To better understand the role of retinoids in myelopoiesis, expression of the retinoid receptor genes (retinoic acid receptors [RARs] and retinoid X receptors [RXRs]) were examined during differentiation of factor-dependent cell-Paterson (FRCP)-mixA4 murine progenitor cells. The major receptor expressed in undifferentiated A4 cells was RAR alpha (primarily the RAR alpha1 isoform). Following induction of myelomonocytic differentiation with granulocyte and granulocyte-macrophage colony-stimulating factors, a dramatic increase in RARa expression (particularly the RAR alpha2 isoform) was seen. In contrast, expression of both RAR alpha isoforms was rapidly extinguished upon induction of erythroid differentiation with erythropoeitin (EPO).
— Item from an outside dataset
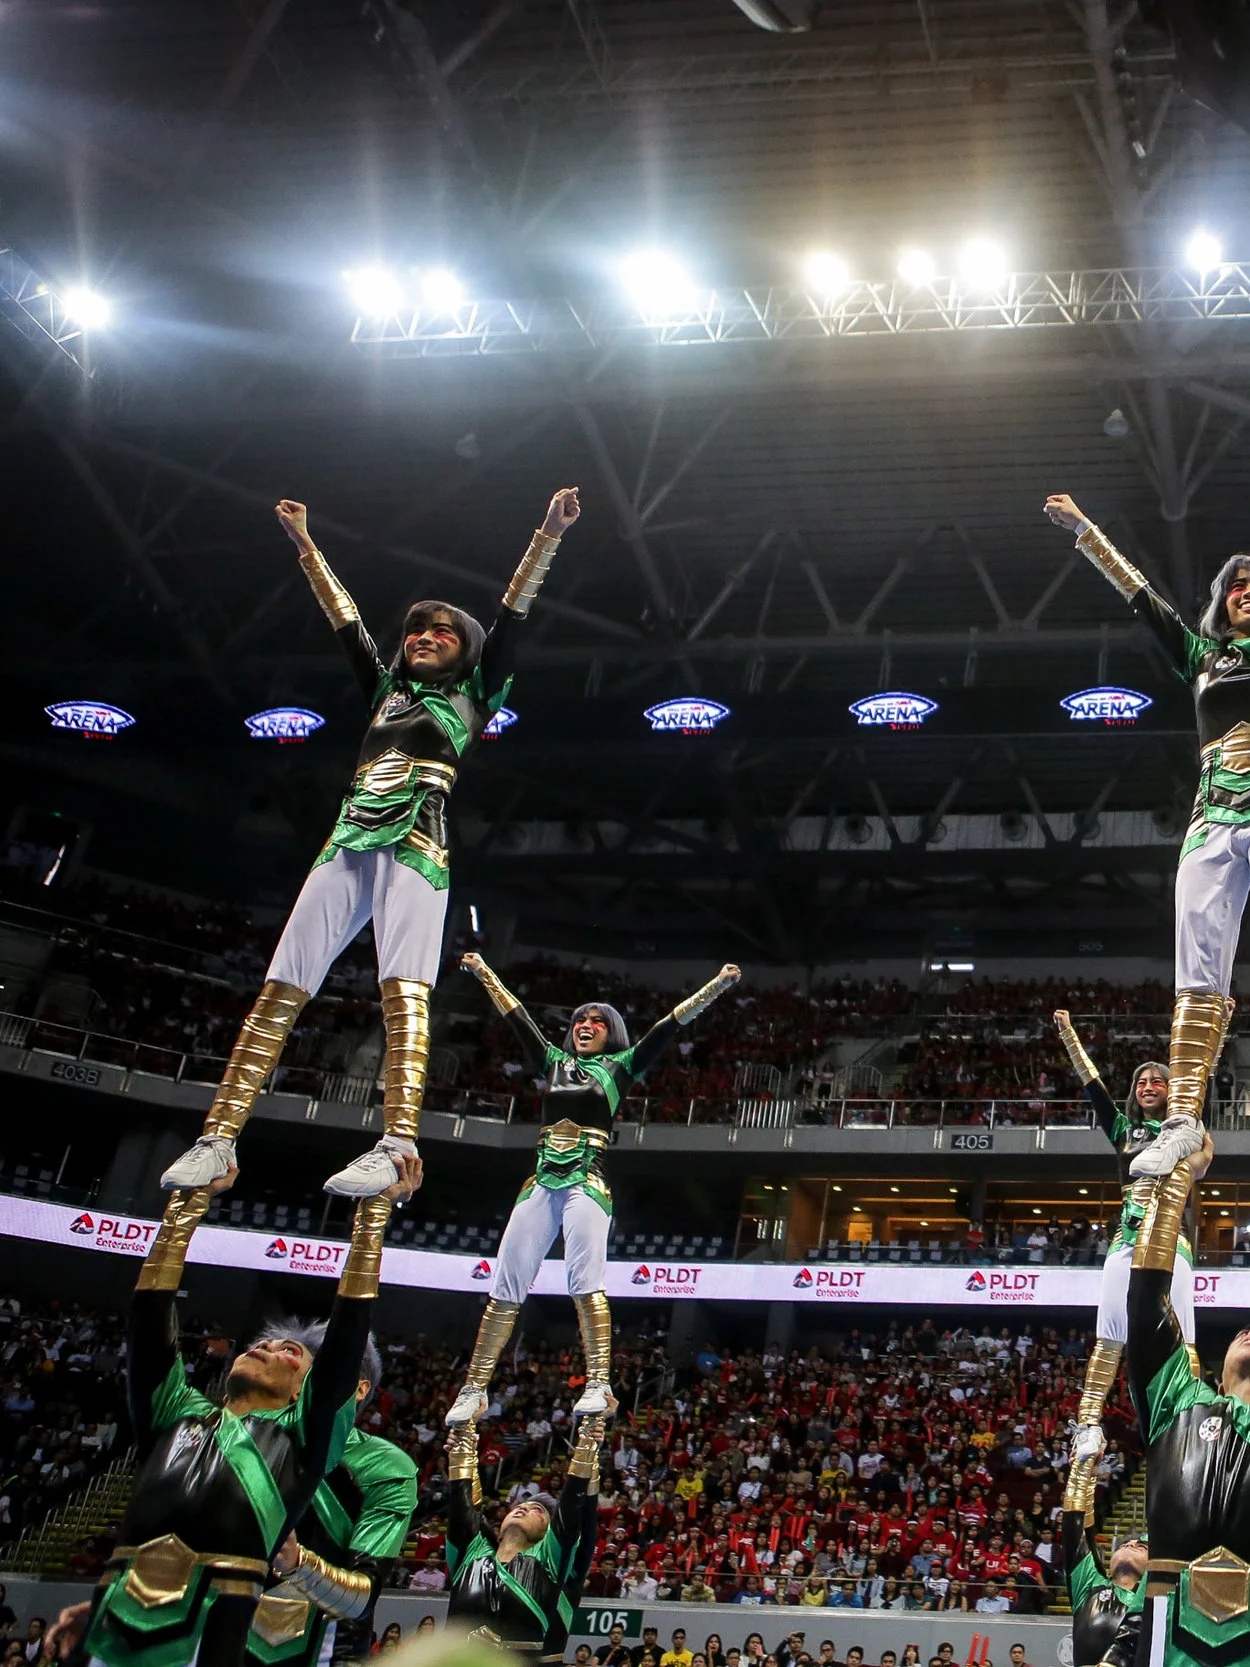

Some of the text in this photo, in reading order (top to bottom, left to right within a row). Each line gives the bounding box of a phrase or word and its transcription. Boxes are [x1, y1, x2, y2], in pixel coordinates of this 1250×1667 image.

A modest induction of RXR alpha expression was seen, particularly during differentiation in the myelomonocytic lineage. Low expression levels of RAR gamma2 and RXR beta remained unchanged, irrespective of differentiation pathway. Consistent with the gene expression patterns, RAR alpha agonists and antagonists stimulated myelomonocytic and erythroid differentiation of FDCP-mixA4 cells, respectively. Taken together, these results suggest that erythropoiesis and granulopoiesis require diminished and enhanced RAR alpha activities, respectively, which at physiological all-trans-retinoic acid (RA) concentrations may be accomplished by reciprocal effects of EPO and myelomonocytic growth factors on its expression. This hypothesis is corroborated by data showing that RA, which positively regulates RAR alpha2 expression, can exert: inhibitory effects on erythroid differentiation. (Blood. 2001;98:2563-2567) (C) 2001 by The American Society of Hematology.